Danse Macabre Has Rules

                                           Danse Macabre Has Rules

I have never met an advocate of government intervention who did not admit, inadvertently, his own capacity for commissariat functions. He always has a plan, to which others must submit, and his certainty that the plan will produce the contemplated results does not permit him to brook criticism. Always he is the fanatic. If you disagree with him it is not because you are in error; it is because you are sinful.--Chorodov

As the analogies to Salem rise, so do the comparisons to other episodes of bit-in-the-teeth government power. But tyranny is often a two-way street; the Inquisitor thinks his parishioners incapable of freedom--but so do his parishioners. 

From Heyward:

Some aren’t even hoping they can assert control over a crisis by converting to its religion. They’ll settle for just having some MEANING, some simplicity, a sense that the righteous will fare better than the unbelievers, that virtue will be rewarded while sin is punished.

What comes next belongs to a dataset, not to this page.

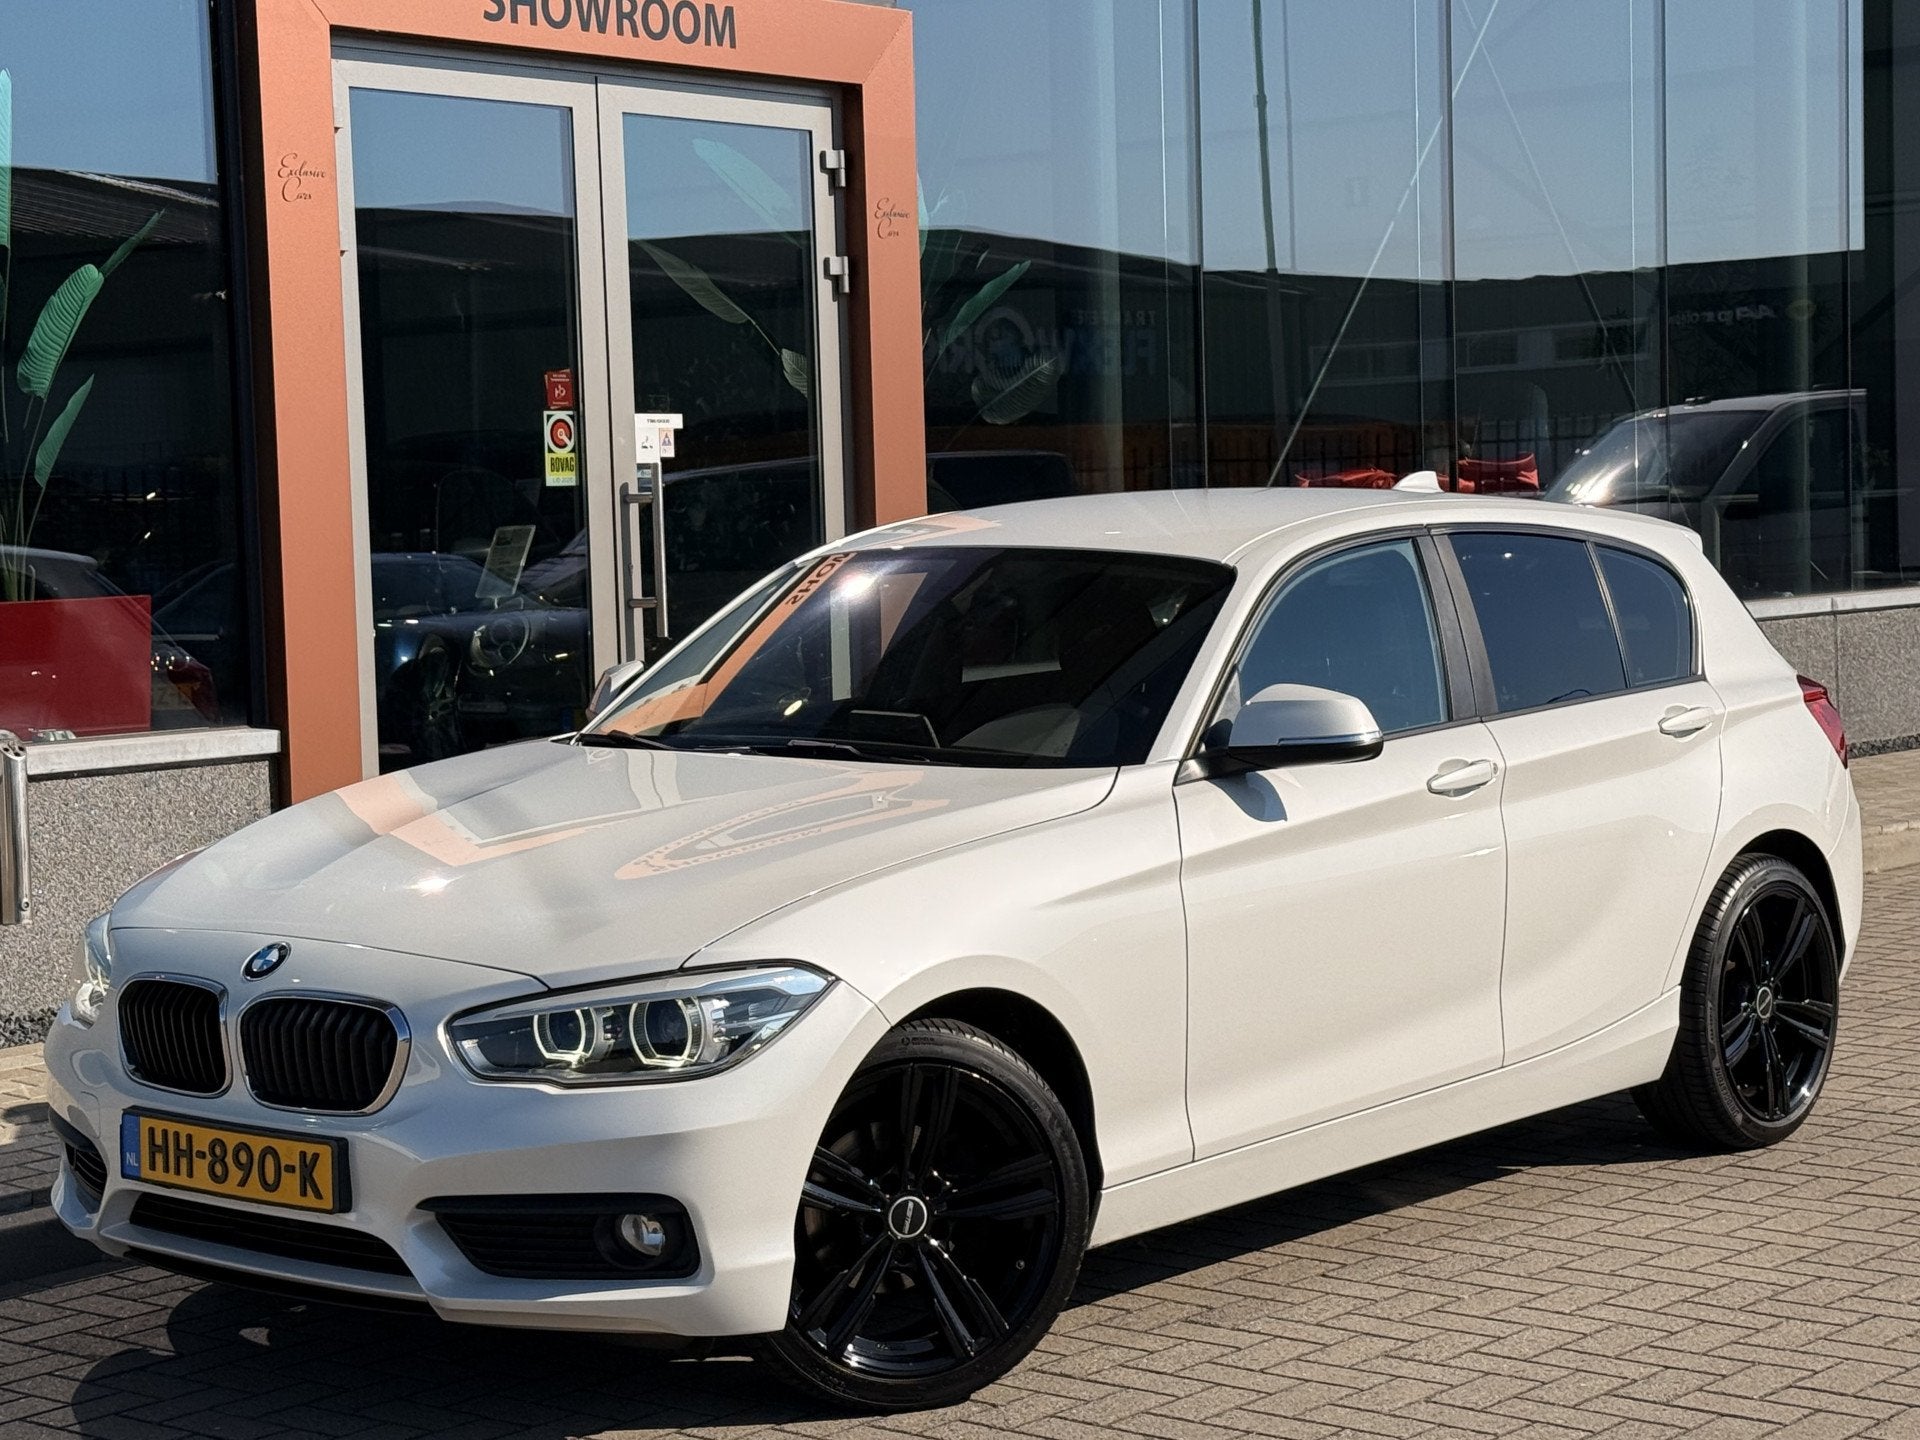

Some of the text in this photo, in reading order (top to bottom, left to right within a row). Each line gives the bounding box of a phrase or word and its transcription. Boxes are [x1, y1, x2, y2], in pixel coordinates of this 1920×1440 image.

[281, 176, 312, 203] Cars
[550, 456, 575, 472] BOVAG
[125, 1153, 139, 1167] NL
[147, 1126, 324, 1201] HH-890-K

That’s a very common impulse with the Church of Covid, since the Beautiful Theories were so very obviously wrong. There isn’t much left of the faith except the visceral communal satisfaction of hoping unbelievers will be punished for their blasphemies with sickness and death.

That sort of thing happens with all of the crisis religions, although not usually as quickly and obviously as with the Church of Covid. Look at the endless stream of movies about how the world became an apocalyptic hellscape because people didn’t believe in global warming.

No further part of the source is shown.